Вера Смолкина ушла в монастырь в 23 года. Хотя это было совсем непросто. Не потому, что родители не хотели отпускать дочь в монастырь. Нет, как раз ее боголюбивая мама мечтала, чтобы кто-то из детей пошел по монашескому пути. Просто действующих женских обителей в то время насчитывались единицы. Среди них особое место занимал никогда не закрывавшийся Свято-Успенский Пюхтицкий монастырь в Эстонии. Его настоятельница игумения Варвара (Трофимова) вписала девушку из небольшого городка Инза Ульяновской области, приехавшую сюда в отпуск и попросившуюся в послушницы, в «список очередников». Как потом выяснилось, Вера Смолкина оказалась в нем где-то 33-й, последней. Ждать бы ей пришлось долго, пока очередь подойдет, но Господь судил иначе. Вдруг через три месяца она получает телеграмму от матушки: «Срочно приезжай. Трофимова». И начался новый этап в ее жизни – тот, о котором она мечтала еще с отроческих лет.
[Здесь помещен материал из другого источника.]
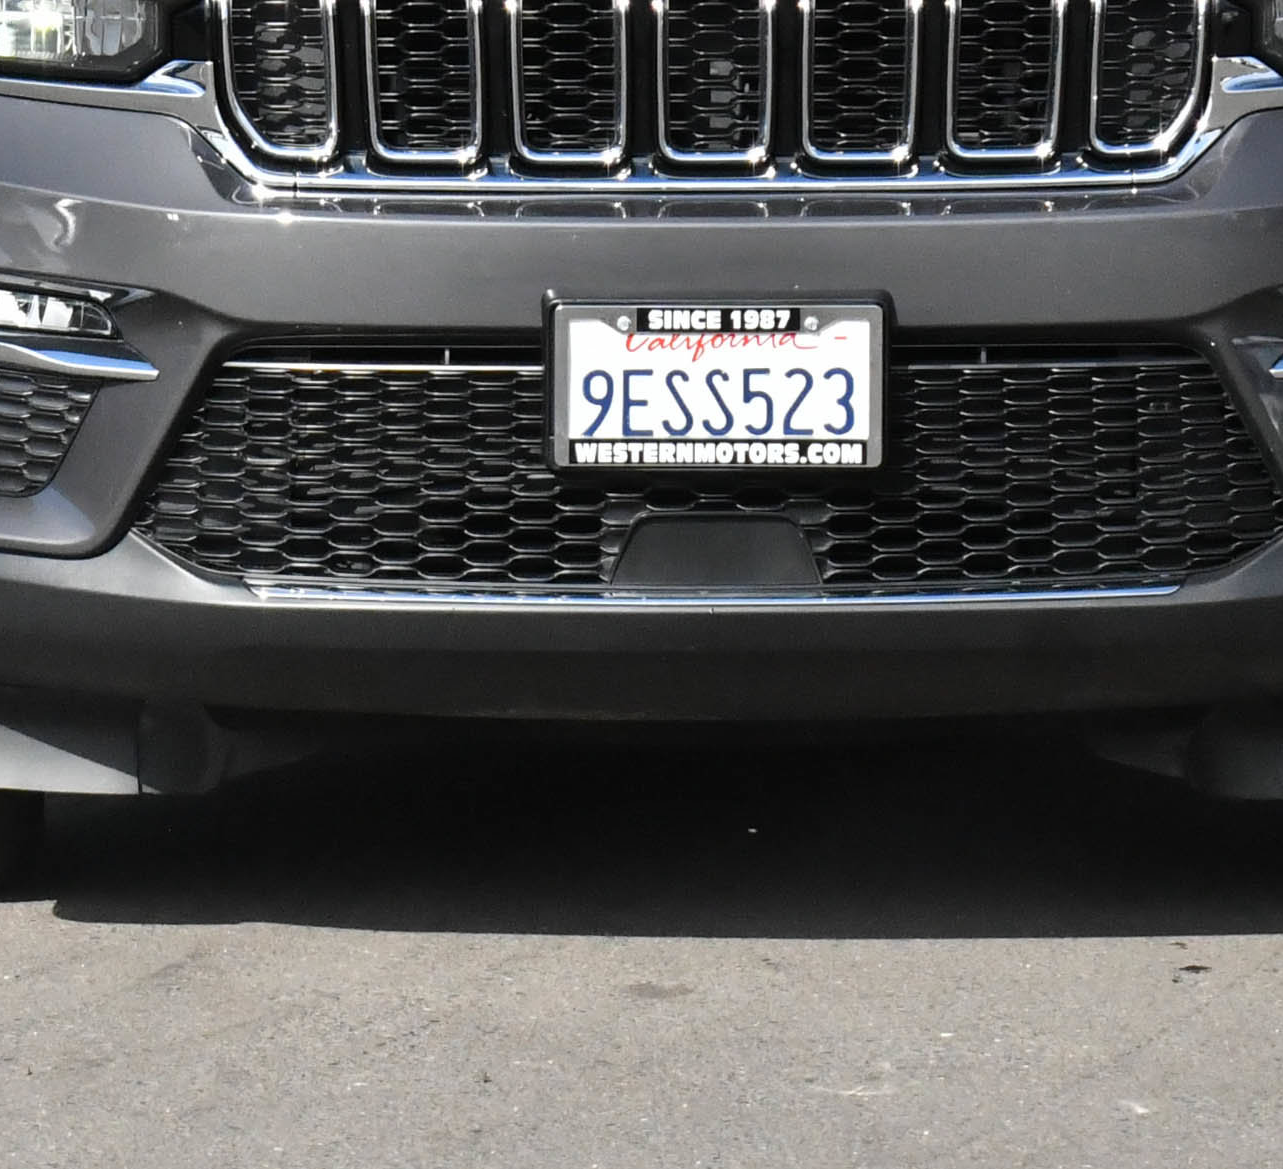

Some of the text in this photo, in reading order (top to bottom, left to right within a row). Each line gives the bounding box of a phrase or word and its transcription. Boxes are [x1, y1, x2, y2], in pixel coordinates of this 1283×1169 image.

[647, 309, 792, 331] SINCE 1987
[581, 368, 855, 437] 9ESS523
[574, 442, 863, 465] WESTERNMOTORS.COM
Сегодня у настоятельницы Богородице-Табынского женского монастыря Уфимской епархии игумении Иоанны (Смолкиной) нет никаких сомнений, что этот путь был для нее единственно верным. 5 ноября матушке Иоанне исполняется 65 лет. Накануне юбилея мы расспросили ее, каким ей видится прошлое – события, люди. И важной частью нашей беседы стали воспоминания матушки о духовном окормлении и советах митрополита Санкт-Петербургского и Ладожского Иоанна (Снычева), ее незабвенного духовника, отошедшего ко Господу 2 ноября четверть века назад.
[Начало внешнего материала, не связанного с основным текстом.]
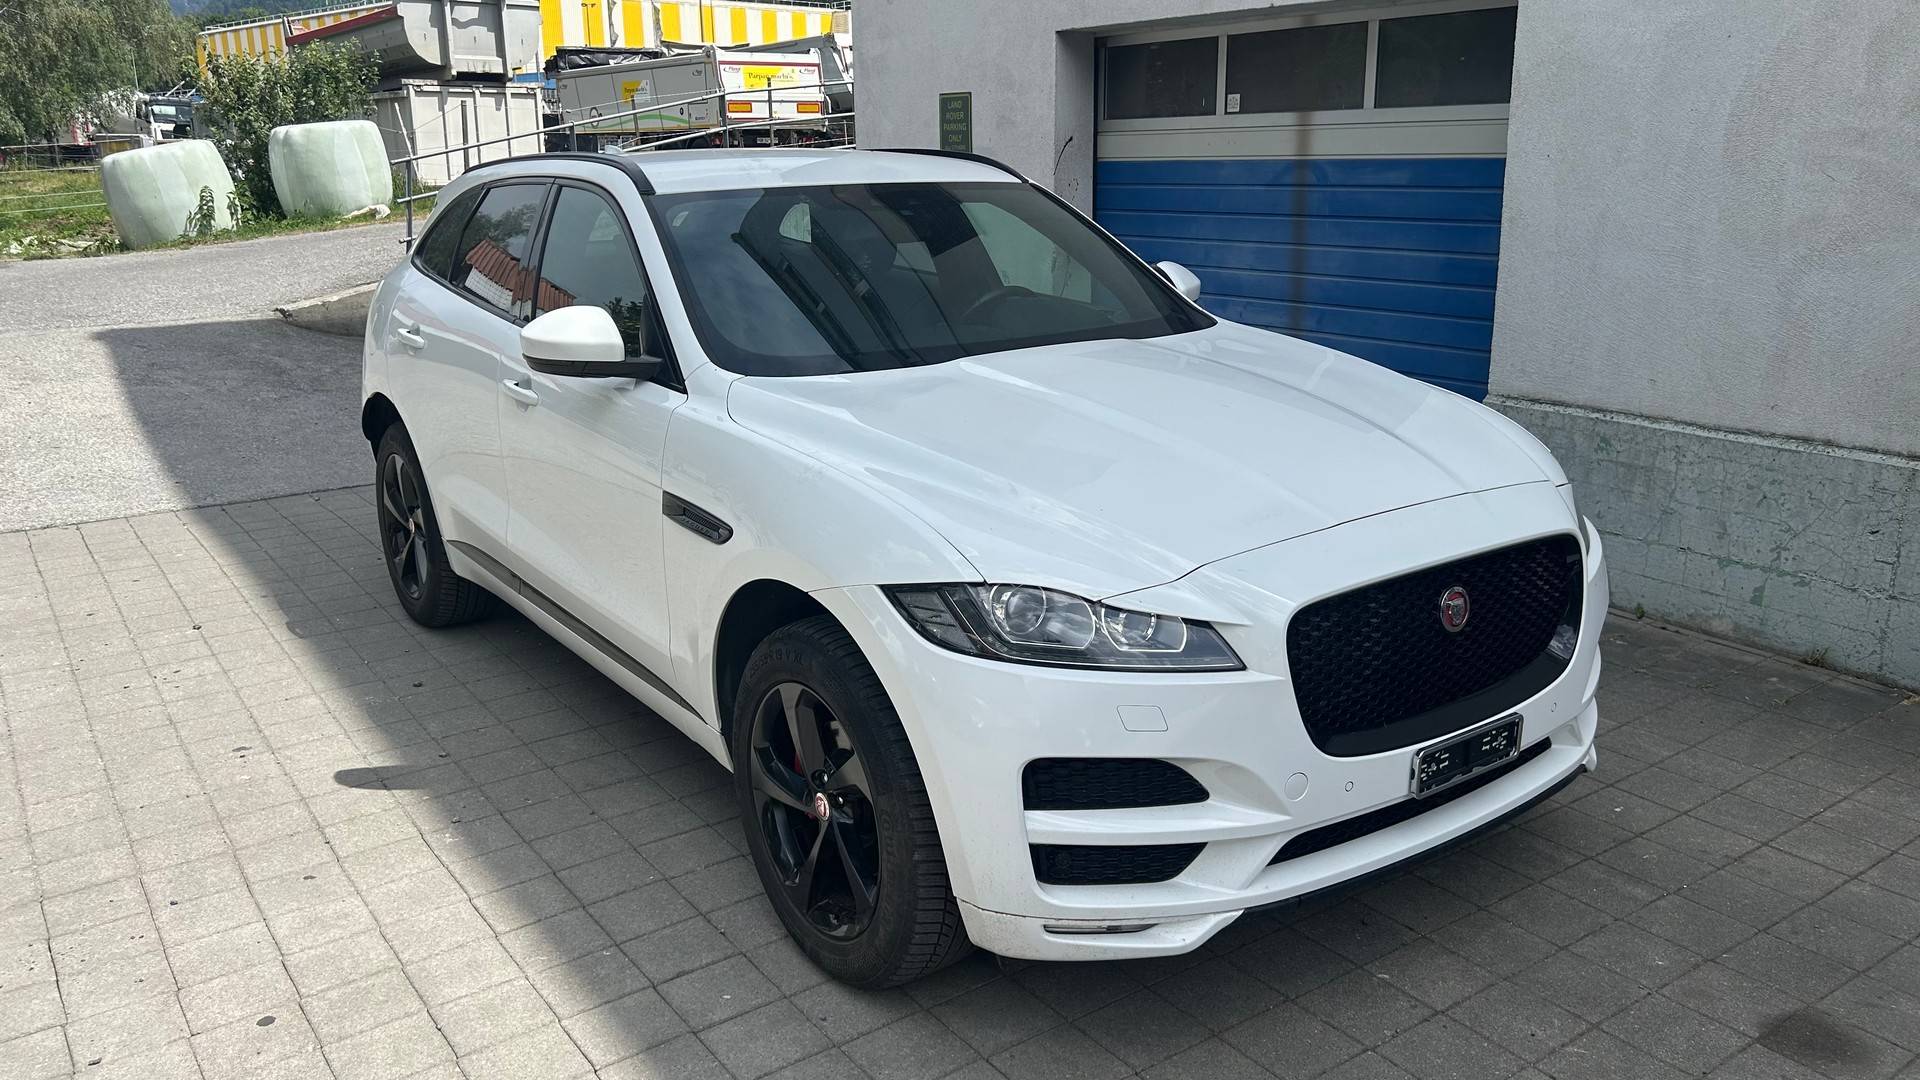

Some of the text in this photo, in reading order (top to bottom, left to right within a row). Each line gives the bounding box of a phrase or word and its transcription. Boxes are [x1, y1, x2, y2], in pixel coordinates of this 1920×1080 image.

И в советское время жили с верой
Матушка, во времена Вашего детства и юности в нашей стране под воздействием антирелигиозной пропаганды многие действительно становились убежденными атеистами, а некоторые из числа молодежи так вообще о Боге не слышали. У Вас, как Вы вспоминаете в публикации на сайте монастыря, была глубоко верующая мама, которая запретила своим детям вступать в пионеры, в комсомол. Кто помог ей укорениться в вере и придал бесстрашия в жизни?
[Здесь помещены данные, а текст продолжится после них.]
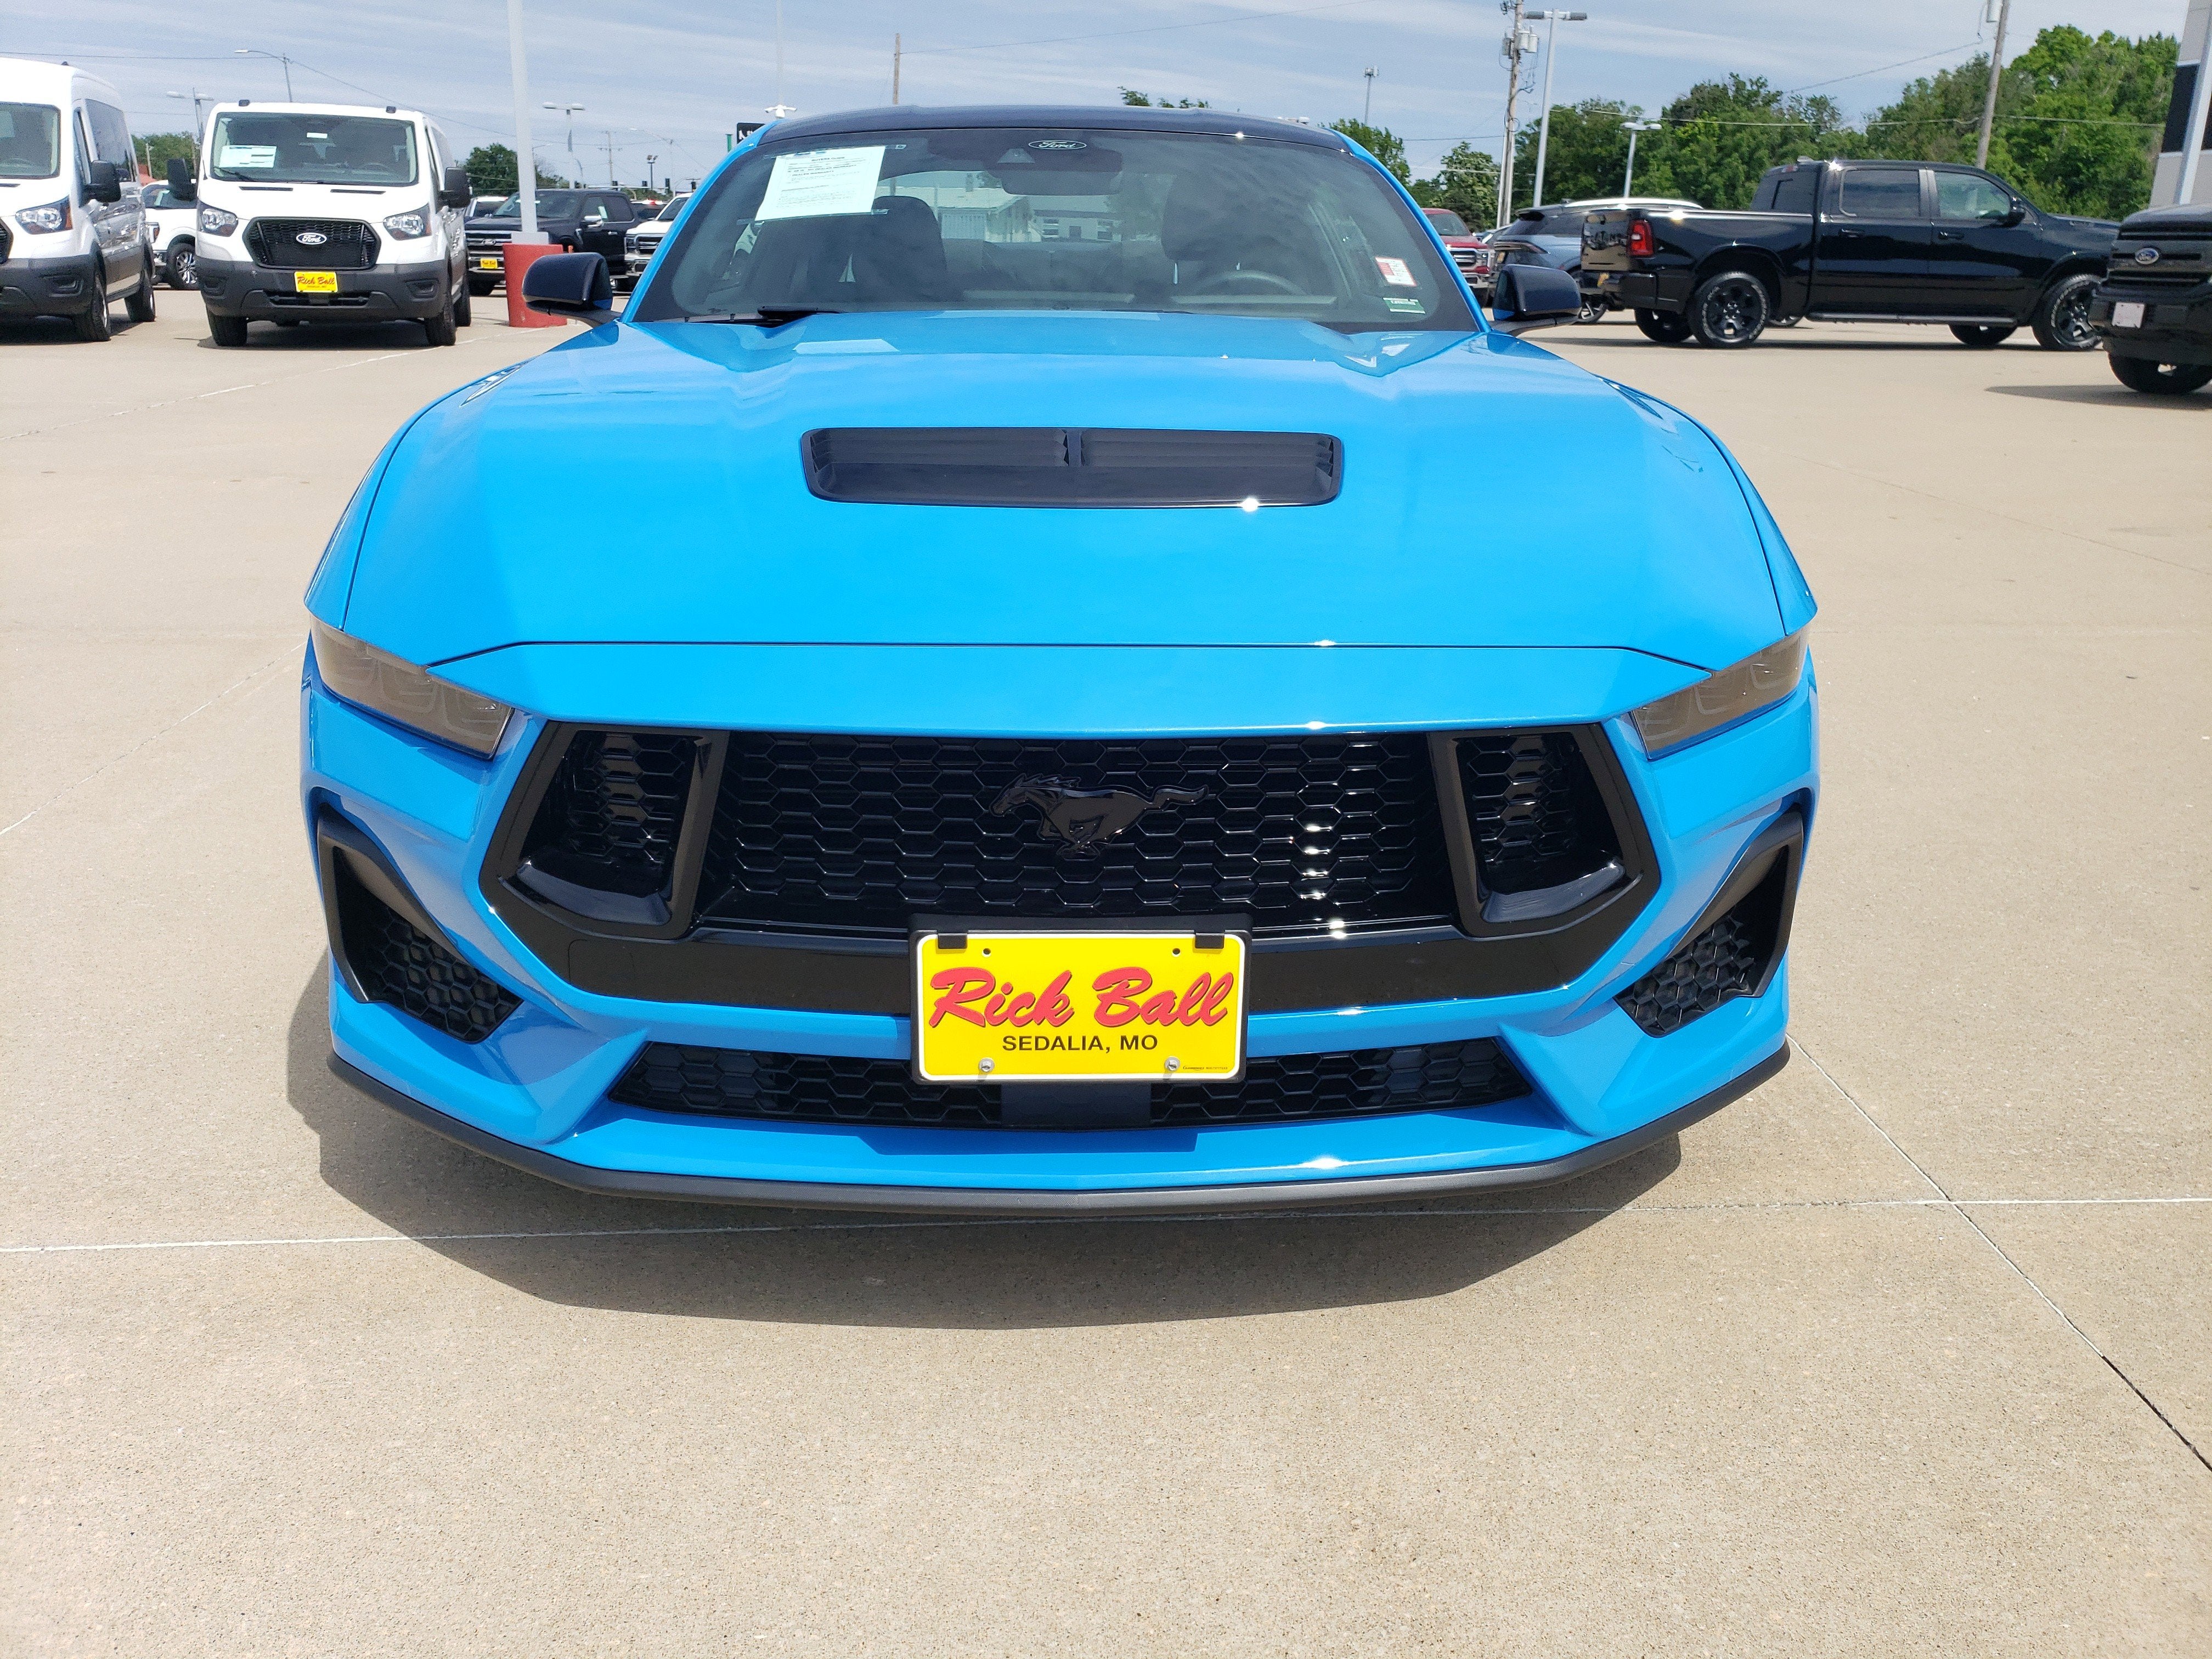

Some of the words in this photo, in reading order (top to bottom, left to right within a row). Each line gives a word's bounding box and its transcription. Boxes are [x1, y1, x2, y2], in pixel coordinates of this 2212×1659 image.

[318, 276, 335, 285] Ball
[929, 967, 1075, 1028] Rick
[1092, 967, 1234, 1028] Ball
[1002, 1035, 1110, 1053] SEDALIA,
[1120, 1035, 1158, 1050] MO
Мои бабушка и дедушка, Симеон Федорович и Фекла Федоровна Степаевы – мамины родители. Они были людьми благочестивыми, а на нас, детей, сильное впечатление произвели рассказы, что их родственники, как и немало верующих дореволюционной России, пешком (!) ходили поклониться великим христианским святыням в Киев и Иерусалим. Дедушка Симеон слыл в селе начитанным человеком. Он много молился, пел в храме на клиросе. Односельчане уважали его, уважали они и бабушку и часто обращались к обоим за советами. В годы коллективизации семья Степаевых не захотела вступать в колхоз. И этот пример оказался настолько «заразителен», что некоторые рачительные хозяева-труженики тоже стали отказываться от «благ» коллективизации, куда всех пытались насильно затащить. Тогда мою бабушку Феклу поставили к стене и хотели расстрелять (или, кто знает, возможно, решили так напугать ее саму и остальных несговорчивых?). Но потом якобы пожалели, как многодетную мать, у которой было шестеро детей – и совсем маленькие, и подростки. А дедушку вскоре за служение в церкви и за его убеждения арестовали. Бабушка не знала, куда увезли ее мужа, пока кто-то из местного начальства не проговорился, что он доставлен в тюрьму, что в райцентре Базарный Сызган. И что же бабушка Фекла сделала? Она запрягла лошадь и поехала искать эту тюрьму. Нашла. Правда, поначалу работники того учреждения наотрез отказывались подтвердить тот факт, что Симеон Федорович Степаев находится здесь. Тогда эта простая женщина, многодетная мать, пригрозила, что поедет в Москву к самому Калинину и будет на них жаловаться. Вот такая моя бабуся была – смелая и требовательная! Судя по всему, ее угроза возымела действие на начальство и через некоторое время двое тюремщиков выволокли дедушку под руки. Самостоятельно он идти не мог – ослабел от голода.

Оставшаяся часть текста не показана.